YANZHOU COAL MINING COMPANY LIMITED

(A joint stock limited company incorporated in the People’s Republic of China with limited liability) (Stock Code: 1171)

PROPOSED AMENDMENTS TO THE ARTICLES OF ASSOCIATION

The twenty-second meeting of the sixth session of the board of directors (the " Board ") of Yanzhou Coal Mining Company Limited (the “ Company ”) approved the amendments to the articles of association of the Company (the " Articles of Association "), and agreed to submit the same to the 2016 first extraordinary general meeting of the Company for discussion and consideration.

The Company proposed to made further amendments to the articles in relation to distribution of profits of the Articles of Association in accordance with the Notice on the Further Implementation of Matters Related to the Listed Company's Cash Dividends , the Regulatory Guideline No.3 on Listed Company - Listed Company's Cash Dividends and the Guidance on Articles of Association of Listed Companies promulgated by China Securities Regulatory Commission and the Guideline on Listed Company's Cash Dividends promulgated by the Shanghai Stock Exchange.
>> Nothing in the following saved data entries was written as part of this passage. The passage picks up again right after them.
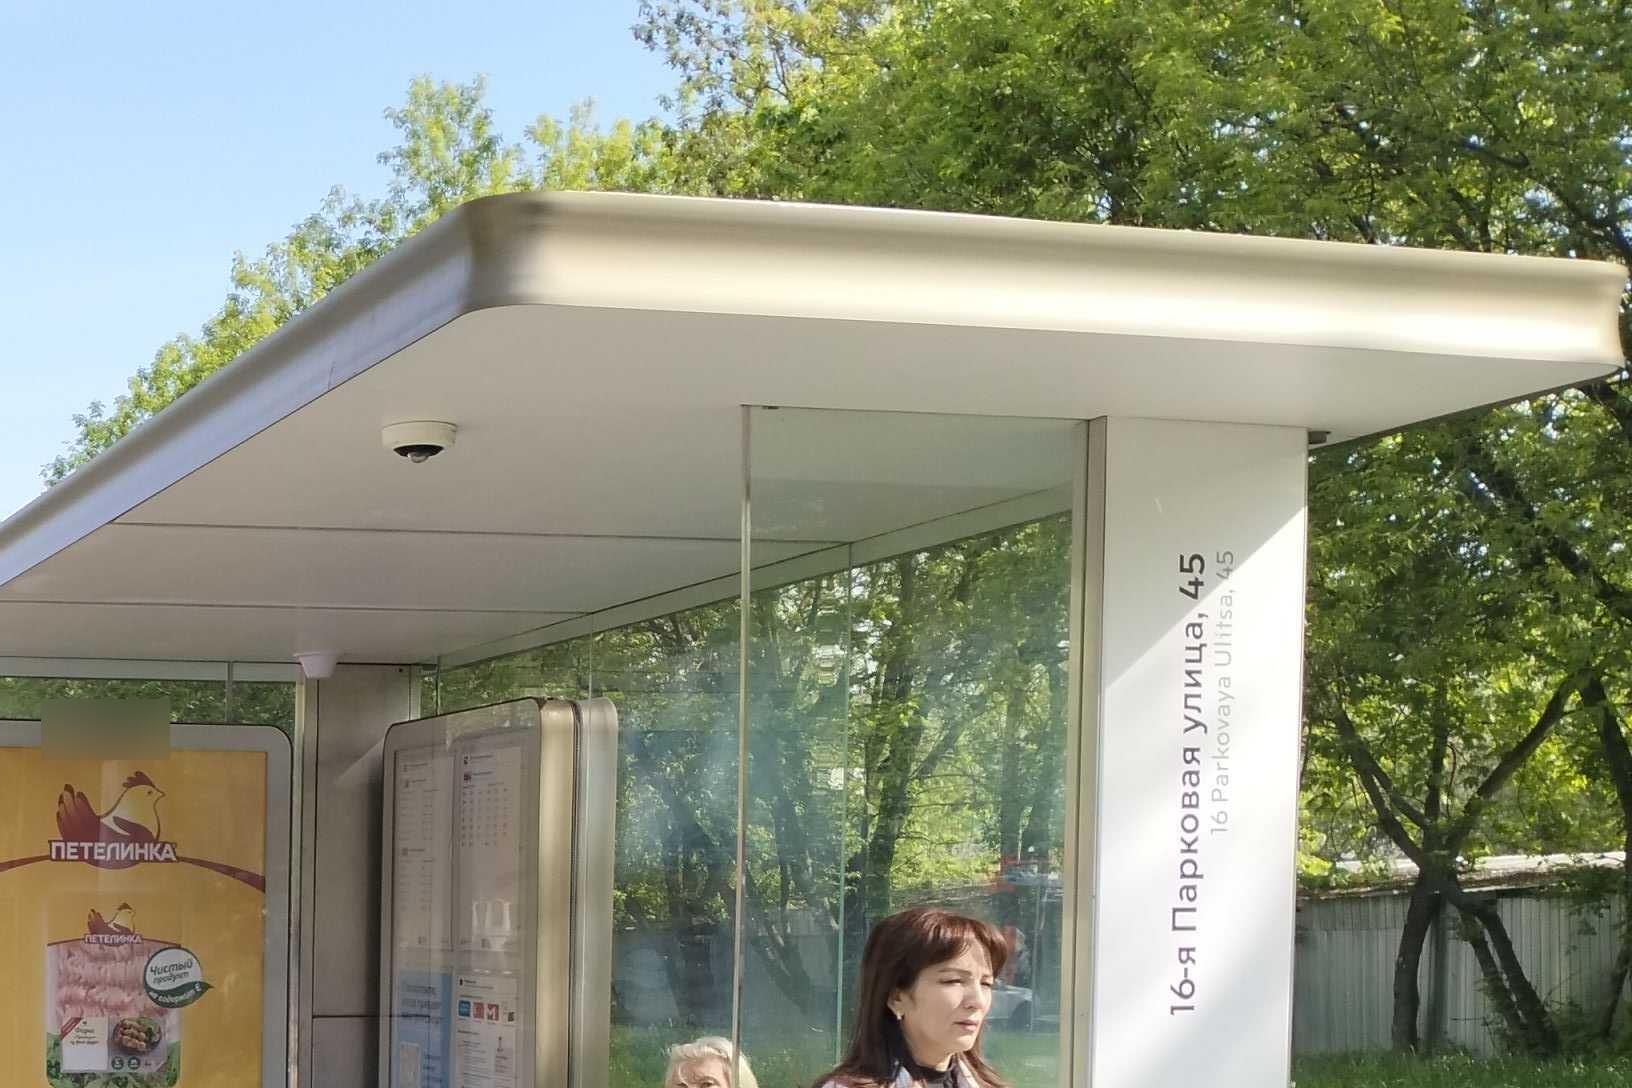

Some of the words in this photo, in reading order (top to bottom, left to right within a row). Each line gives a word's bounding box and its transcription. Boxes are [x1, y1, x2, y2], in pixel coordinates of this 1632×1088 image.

[1178, 553, 1206, 600] 45
[1215, 551, 1234, 580] 45
[1213, 589, 1237, 667] Ulitsa,
[1182, 612, 1209, 735] улица,
[1210, 676, 1235, 802] Parkovaya
[1171, 747, 1204, 932] Парковая
[1210, 810, 1229, 836] 16
[50, 841, 178, 861] ПЕТЕЛИНКА
[83, 933, 143, 945] ПЕТЕЛИНКА
[150, 958, 193, 976] Чистый
[1170, 946, 1196, 1016] 16-я
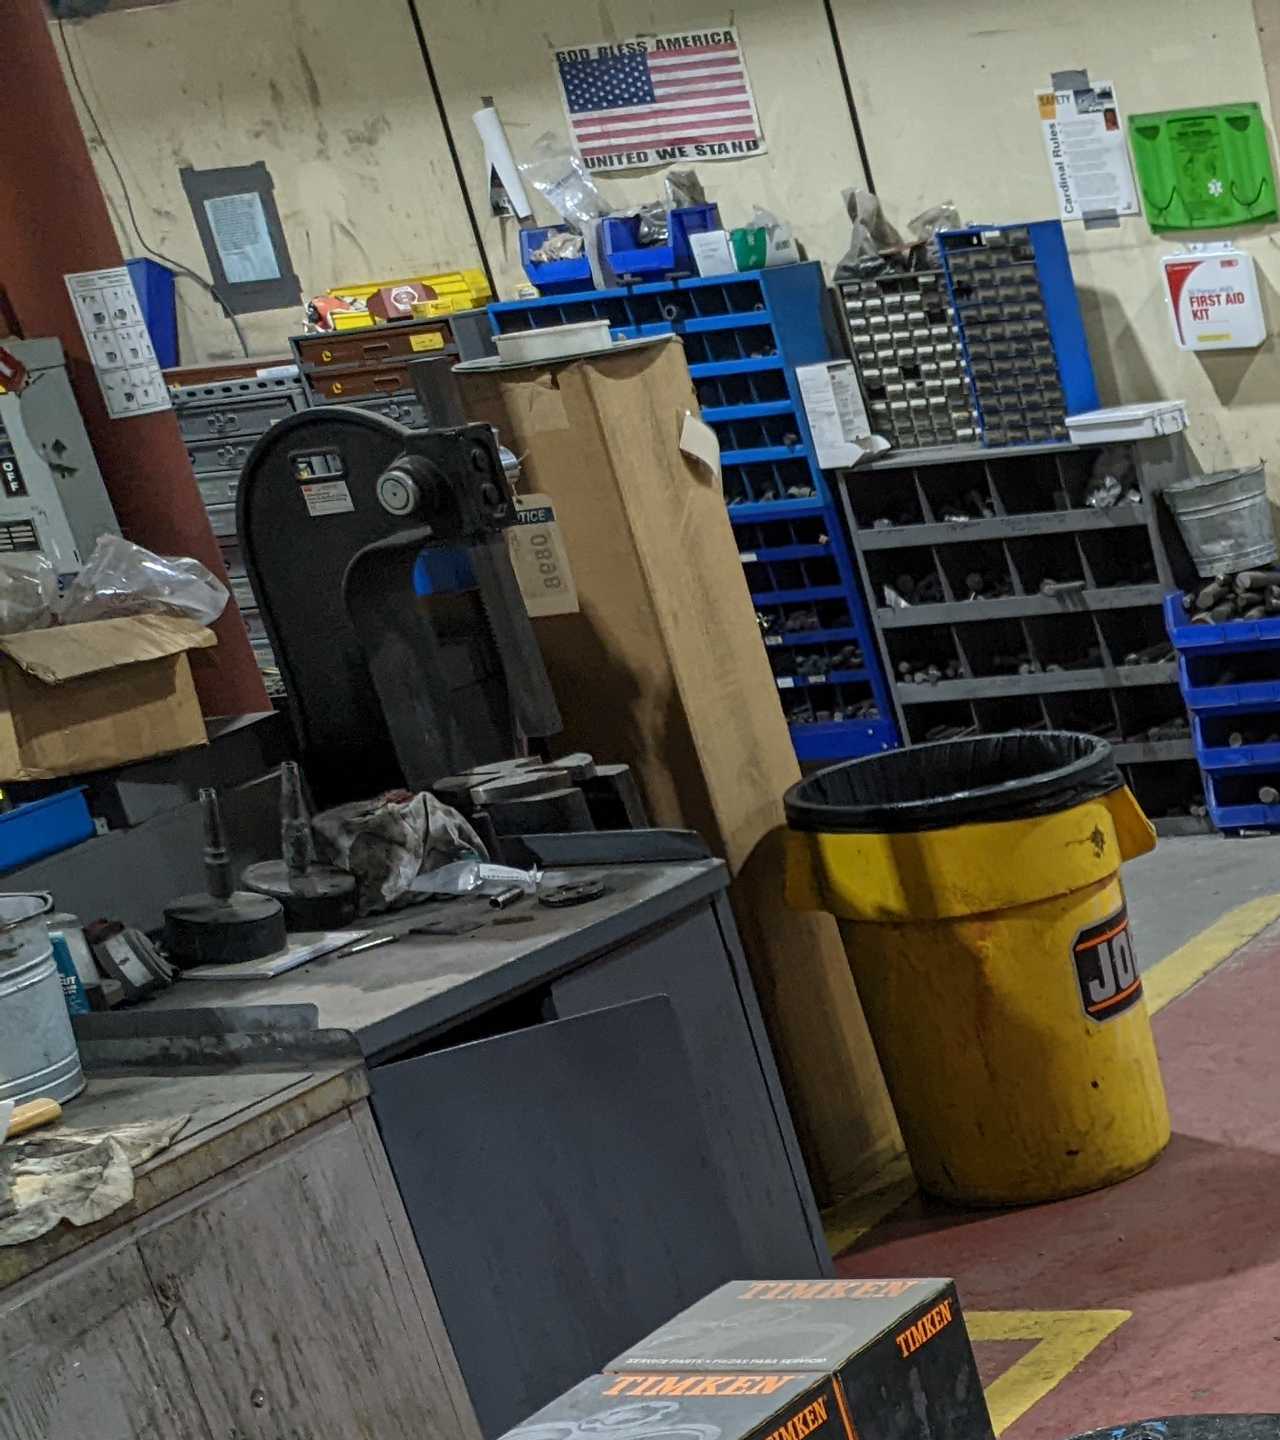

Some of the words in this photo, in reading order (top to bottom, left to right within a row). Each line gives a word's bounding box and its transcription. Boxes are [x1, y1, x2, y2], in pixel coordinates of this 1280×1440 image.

[556, 49, 589, 63] GOD
[600, 41, 647, 58] BLESS
[655, 30, 735, 51] AMERICA
[583, 151, 649, 169] UNITED
[656, 145, 688, 161] WE
[696, 139, 760, 157] STAND
[1048, 122, 1063, 159] Rules
[1056, 160, 1075, 214] Cardinal
[1189, 293, 1222, 308] FIRST
[1225, 292, 1245, 305] AID
[1191, 308, 1210, 321] KIT
[1, 461, 19, 493] OFF
[737, 1280, 920, 1301] TIMKEN
[896, 1298, 954, 1360] TIMKEN
[602, 1376, 798, 1397] TIMKEN
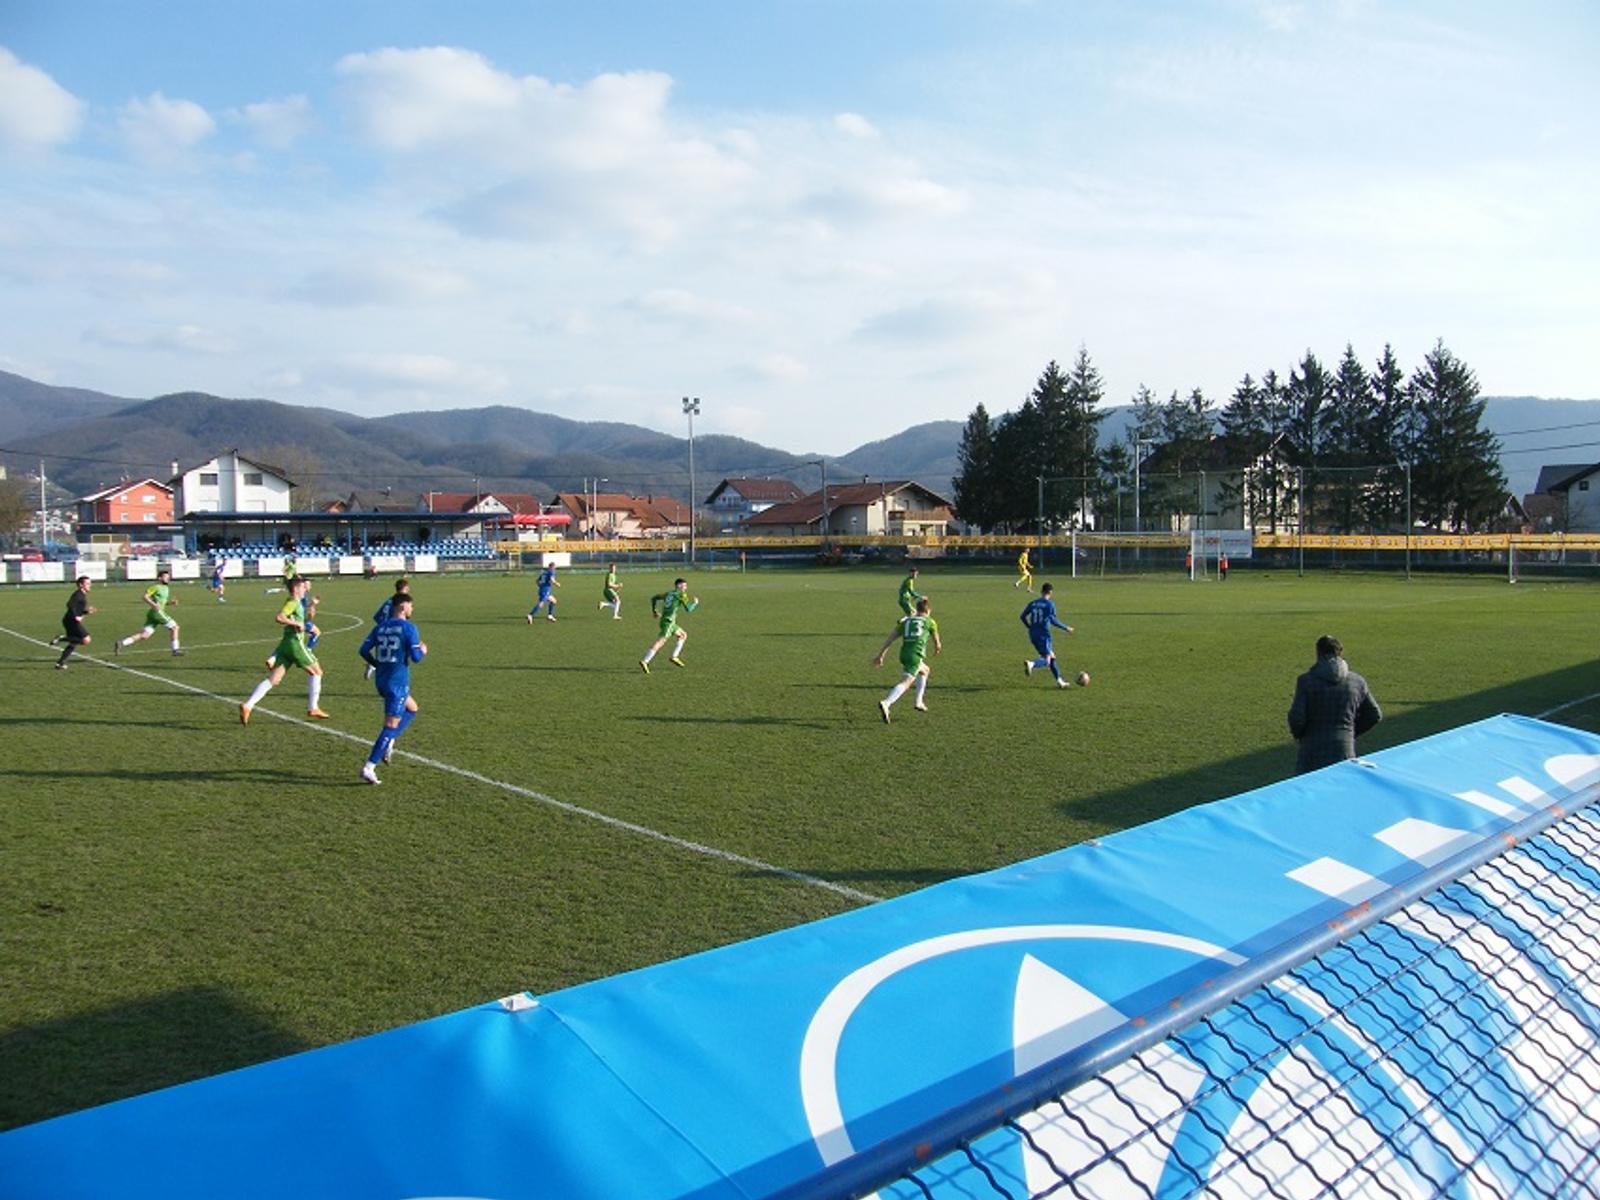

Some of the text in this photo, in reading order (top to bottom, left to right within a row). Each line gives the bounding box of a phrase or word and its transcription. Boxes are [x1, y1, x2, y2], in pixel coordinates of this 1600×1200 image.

[1032, 608, 1044, 624] 11
[904, 620, 925, 637] 13
[377, 635, 400, 662] 22
Details of the amendments are as follows:

1. The original second paragraph of Article 19 of the existing Articles of Association provides the following:

Application by a holder of Domestic-Invested Shares, who has lost his share certificate, for a replacement share certificate shall be dealt with in accordance with Article 144 of the Company Law.

The above paragraph is to be amended as follows:

Application by a holder of Domestic-Invested Shares, who has lost his share certificate, for a replacement share certificate shall be dealt with in accordance with relevant provisions of the Company Law.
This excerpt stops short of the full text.